If you’ve done all that, you’re in a great position financially, but you may still be missing one important thing: a rainy day fund.
There are two approaches to a rainy day fund: one considers a rainy day fund to be interchangeable with an emergency fund. The other treats the two separately.
An emergency fund is recommended to be enough to cover your expenses if you find yourself in a dire financial situation.
“An emergency fund is there to help you in times of an emergency. A job loss, your car breaks down, your refrigerator breaks, things you have to deal with ASAP,” says Joe Snyder, Product analyst with Tangerine Investments.
The rough rule that many financial experts suggest following is saving three to six months of living expenses. Exactly how much you want to put away is up to you.
“Say you lose your job and you need to supplement that income, ideally you should be able to do that,” says Snyder. “Having one month is probably not enough, having 12 months is probably more than you ever need.”

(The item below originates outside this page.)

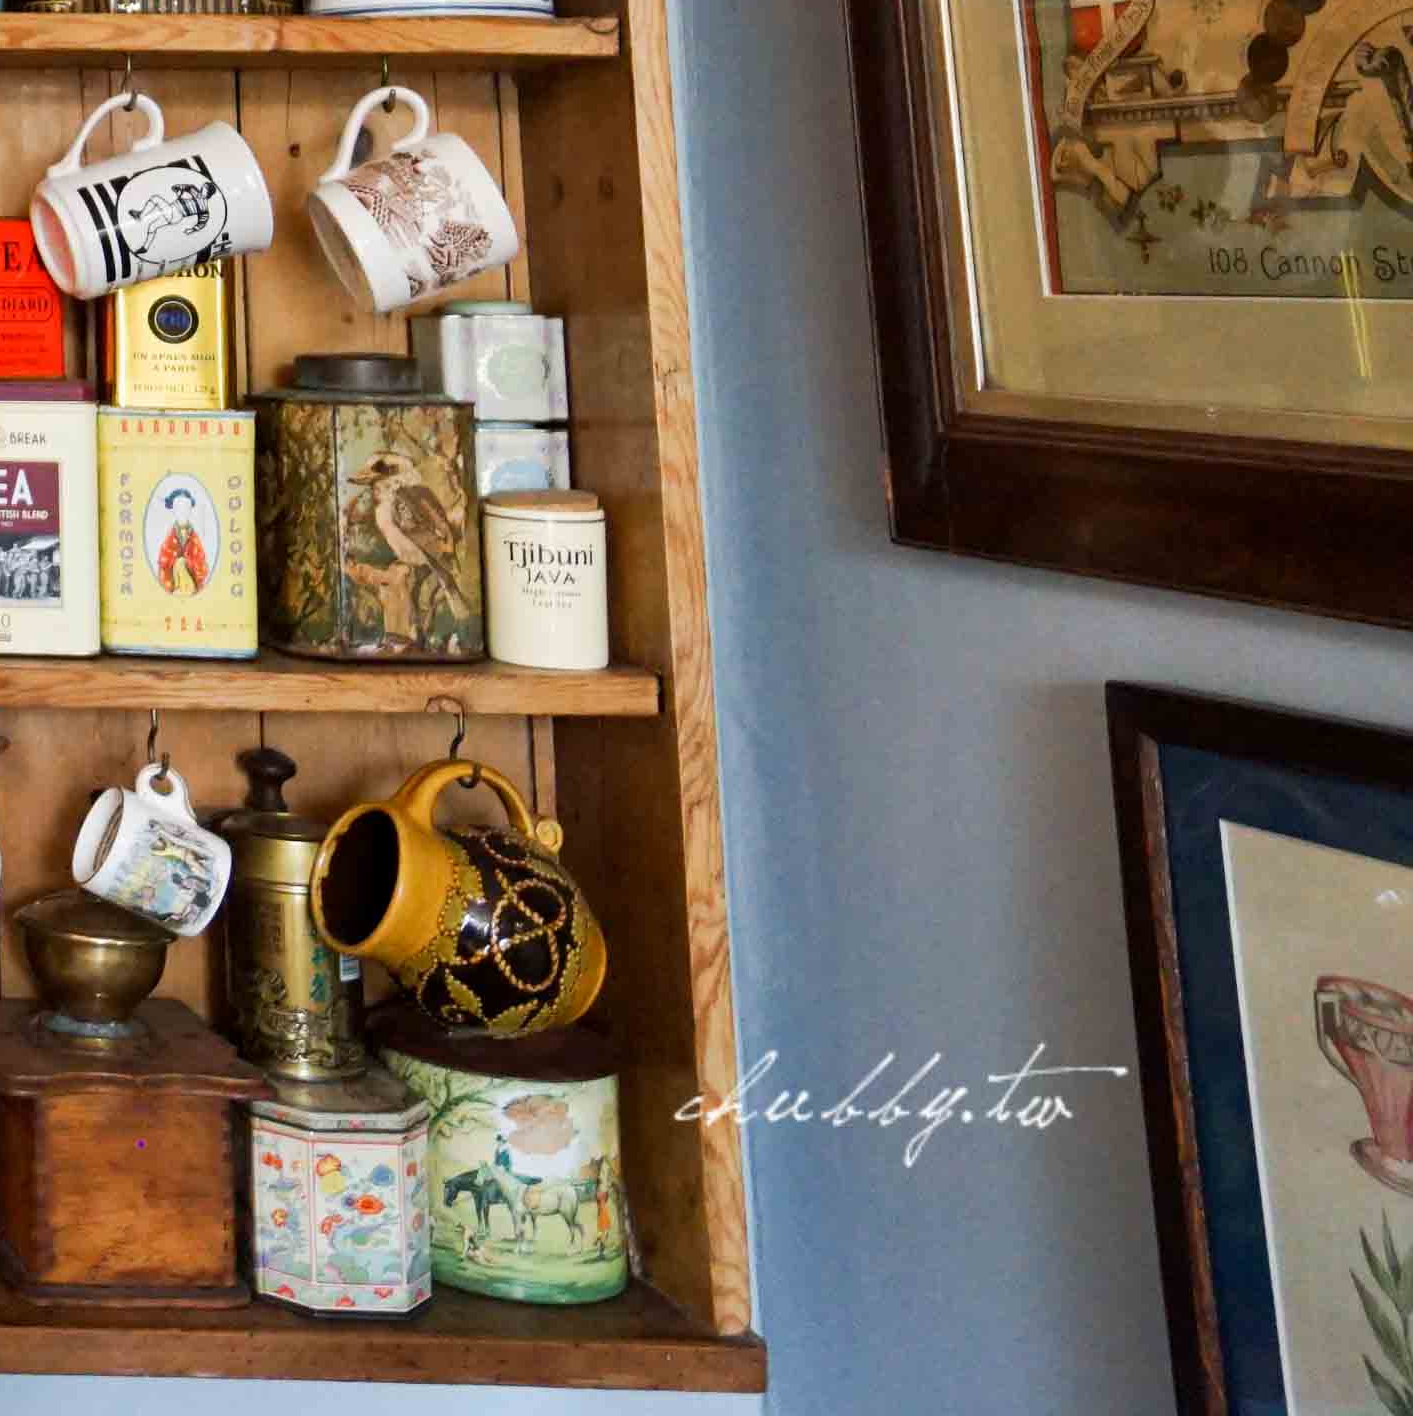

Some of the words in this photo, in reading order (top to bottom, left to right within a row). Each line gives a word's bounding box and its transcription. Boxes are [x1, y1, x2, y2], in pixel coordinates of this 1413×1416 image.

A rainy day fund, on the other hand, covers more minor bumps in the road that can come up unexpectedly. Things like your dog needing a visit to the vet, your relative falling ill and you have to fly out to them at the last minute, or your child needing a new computer for school could all merit a “rainy day” expense. Comparatively these are all important things, but you wouldn’t want to eat into your savings for more catastrophic emergencies.

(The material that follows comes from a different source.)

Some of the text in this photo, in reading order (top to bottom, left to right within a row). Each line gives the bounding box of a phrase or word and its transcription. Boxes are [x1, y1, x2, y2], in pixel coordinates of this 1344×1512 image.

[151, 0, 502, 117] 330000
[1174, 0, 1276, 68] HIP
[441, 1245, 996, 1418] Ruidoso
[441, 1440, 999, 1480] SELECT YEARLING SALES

While a single emergency fund could cover all these expenses too, having a separate fund can help protect those three to six months of expenses, so if you do have a more catastrophic financial problem a month after that vet visit, you don’t find yourself short on your rent.
Regardless of whether you use emergency fund and rainy day fund interchangeably, you do need at least one financial reserve that you can turn to when you really need it. A recent poll by Forum Research, conducted following the rate hike by the Bank of Canada, found that 26 per cent of respondents had no emergency savings, and 40 per cent had a cushion of one month or less.
“If you have an emergency come up that’s a couple thousand bucks, what are you doing?” Snyder asks. He points out that loans and withdrawing from an RRSP early can be costly alternatives to pulling from an emergency fund.
If you’ve already got an emergency fund established, your rainy day fund may end up created out of circumstance.
“Say you saved up for a vacation next year, and you wanted to save $3,000-$4,000, but then that trip got cancelled. If you already had an emergency fund, and your plans all of a sudden change, now this can be “rainy day” money,” suggests Snyder.
Once you’ve got money earmarked for your rainy day fund, the next big decision is where you should keep it. Snyder suggests keeping the money in a conservative savings account, housed in a TFSA. That way, you can still earn a little interest on the money without having to pay taxes on the gains down the road. But it’s not worth putting into GICs, because you can’t keep adding money to it, nor a more volatile investment vehicle.
“Because your goal with an emergency fund is to have it there when you need it, I don’t recommend savers take risks with that money,” says Snyder. “The goal is that you have it there, not to make money on it.”